Assigned task: Set down each record below exactly as it stands. Pictures are not part of the copy.

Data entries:
• • •

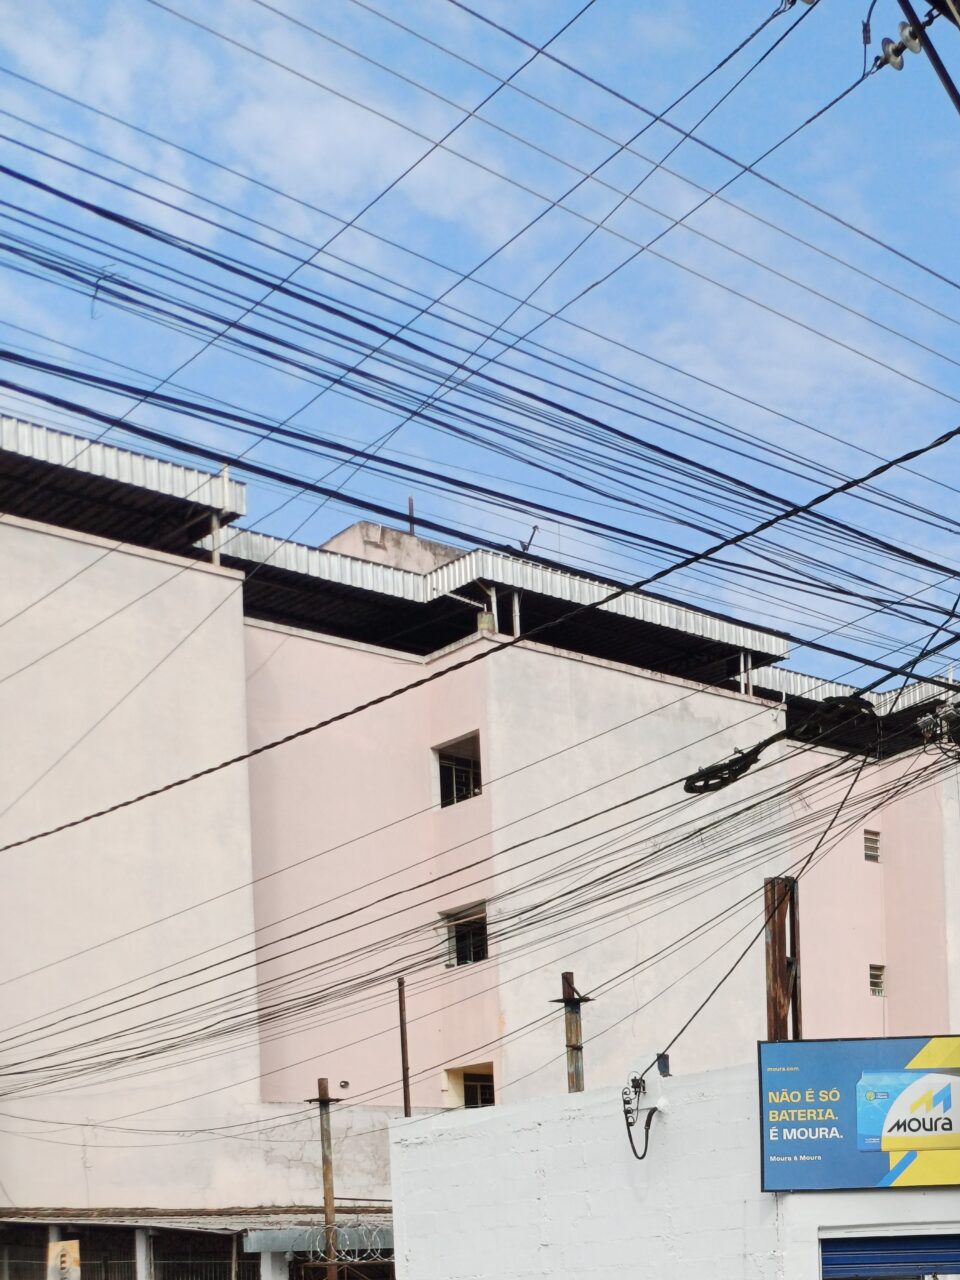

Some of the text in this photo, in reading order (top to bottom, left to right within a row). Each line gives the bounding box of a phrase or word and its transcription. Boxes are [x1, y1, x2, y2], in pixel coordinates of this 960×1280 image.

[768, 1087, 841, 1103] NÃO É SÓ
[768, 1109, 839, 1122] BATERIA.
[769, 1127, 844, 1141] É MOURA.
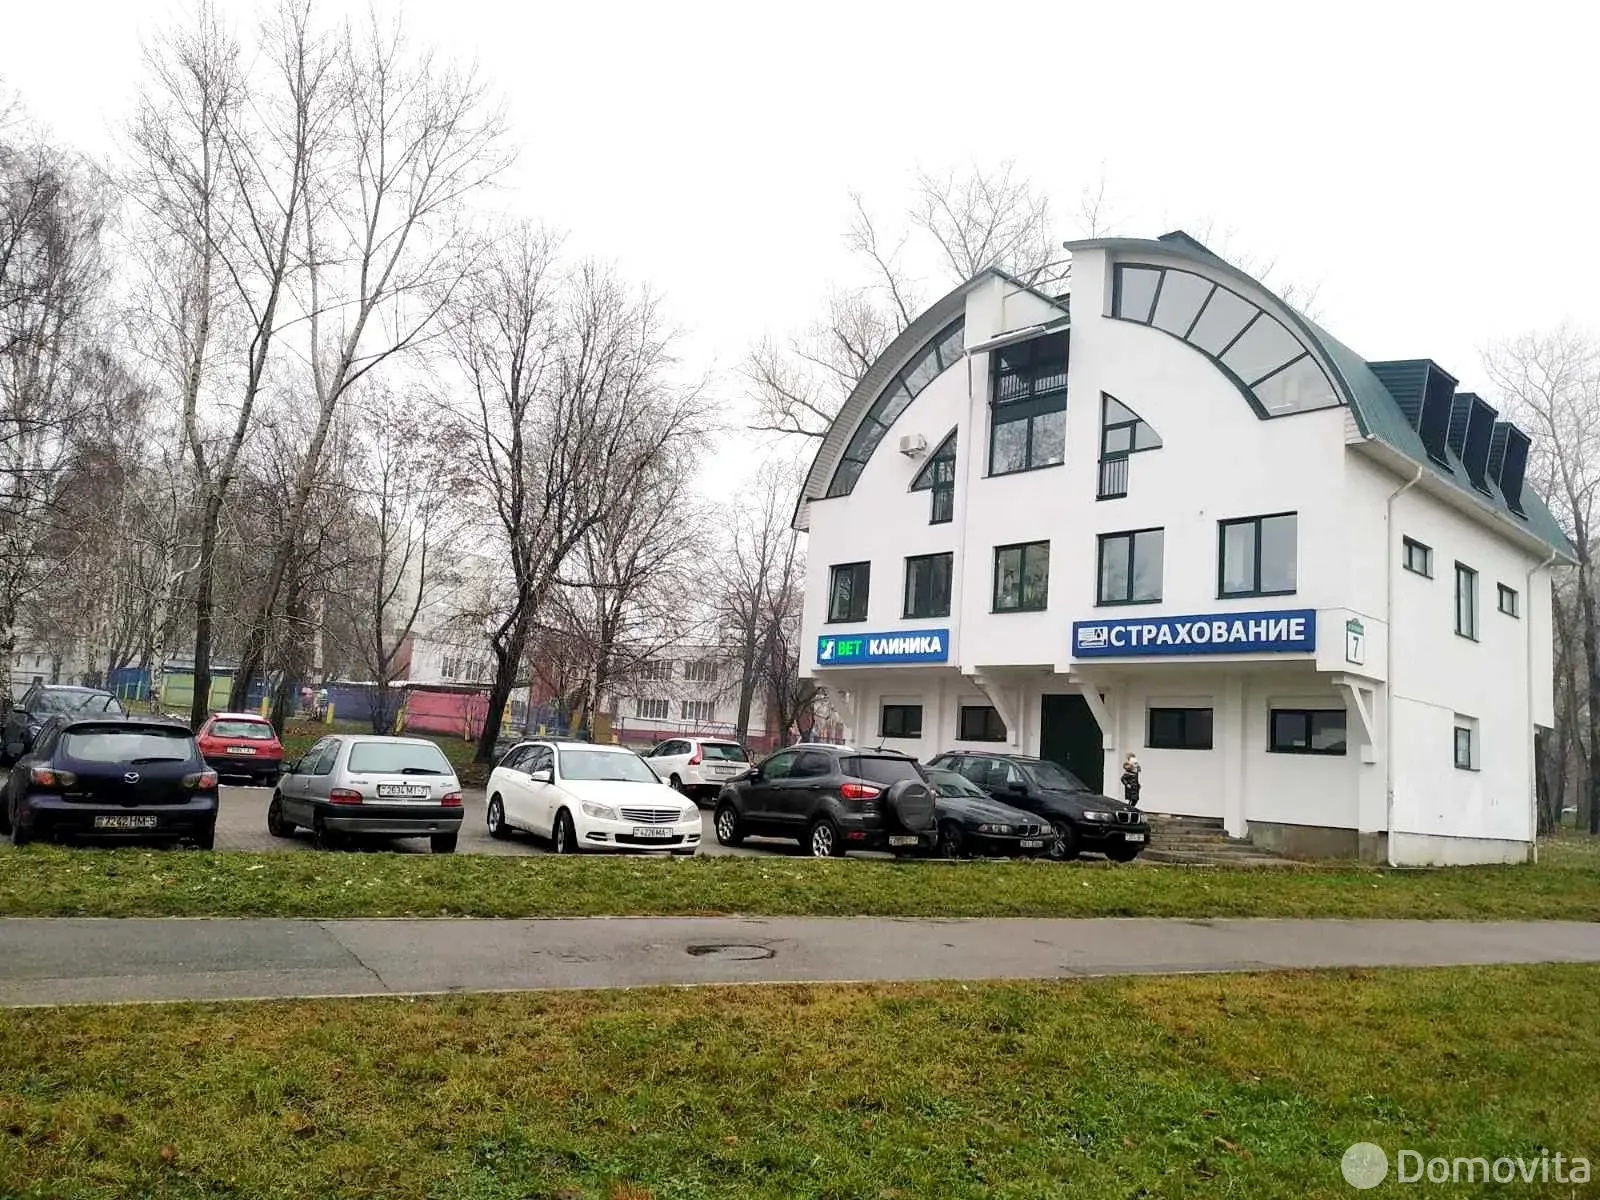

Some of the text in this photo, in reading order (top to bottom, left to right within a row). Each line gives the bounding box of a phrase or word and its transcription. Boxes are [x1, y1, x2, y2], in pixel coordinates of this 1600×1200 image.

[1110, 618, 1305, 647] СТРАХОВАНИЕ
[838, 636, 942, 656] ВЕТ КЛИНИКА
[1353, 636, 1360, 659] 7
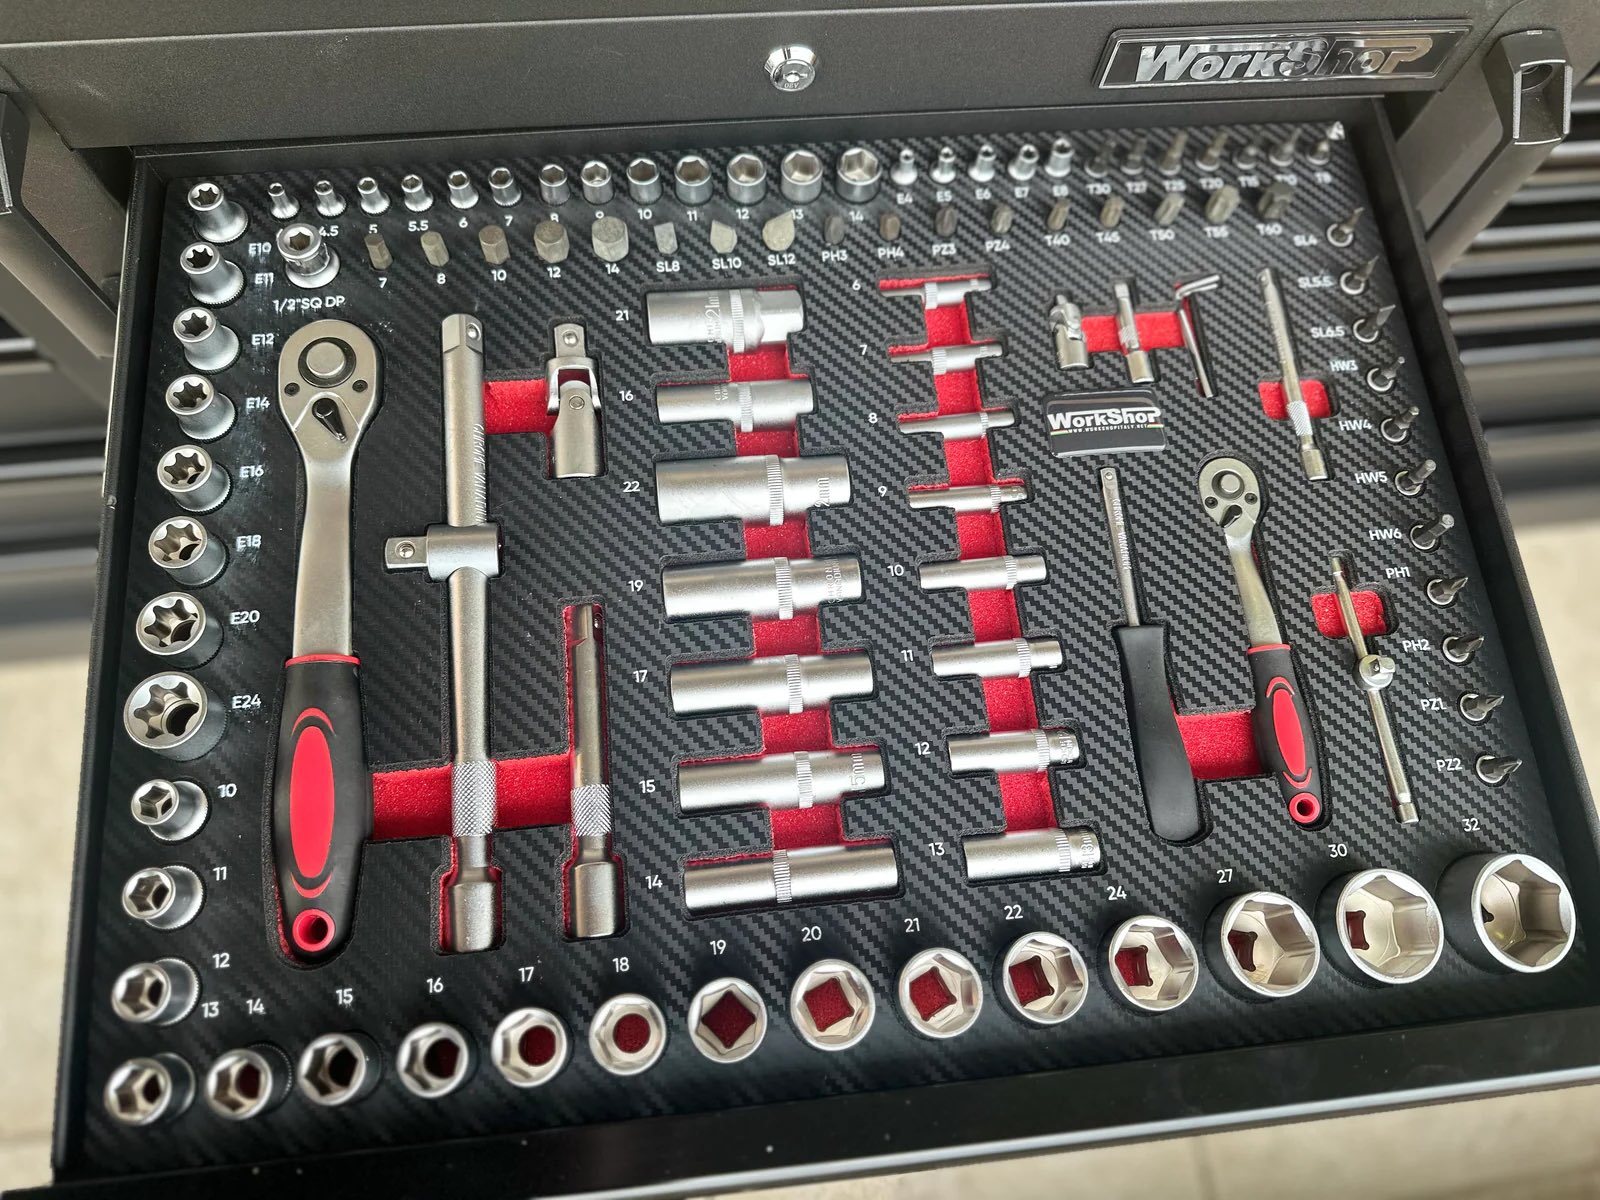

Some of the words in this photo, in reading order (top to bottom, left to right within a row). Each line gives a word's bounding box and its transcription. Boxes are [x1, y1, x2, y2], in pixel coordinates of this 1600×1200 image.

• • •

Exercise result:
Some of the text in this photo, in reading order (top to bottom, left to right within a row). Each line gives the bounding box of a phrase or word and its transcription. Boxes are [x1, y1, x2, y2], in pixel coordinates of this 960×1280 image.

[768, 1087, 841, 1103] NÃO É SÓ
[768, 1109, 839, 1122] BATERIA.
[769, 1127, 844, 1141] É MOURA.

Some of the text in this photo, in reading order (top to bottom, left to right within a row). Each line gives the bounding box of a phrase or word and its transcription. Boxes are [x1, y1, x2, y2], in pixel coordinates of this 1600×1200 image.

[1110, 618, 1305, 647] СТРАХОВАНИЕ
[838, 636, 942, 656] ВЕТ КЛИНИКА
[1353, 636, 1360, 659] 7

Some of the words in this photo, in reading order (top to bottom, left to right within a row). Each line gives a word's bounding box and its transcription. Boxes are [x1, y1, x2, y2], in pixel coordinates of this 1600×1200 image.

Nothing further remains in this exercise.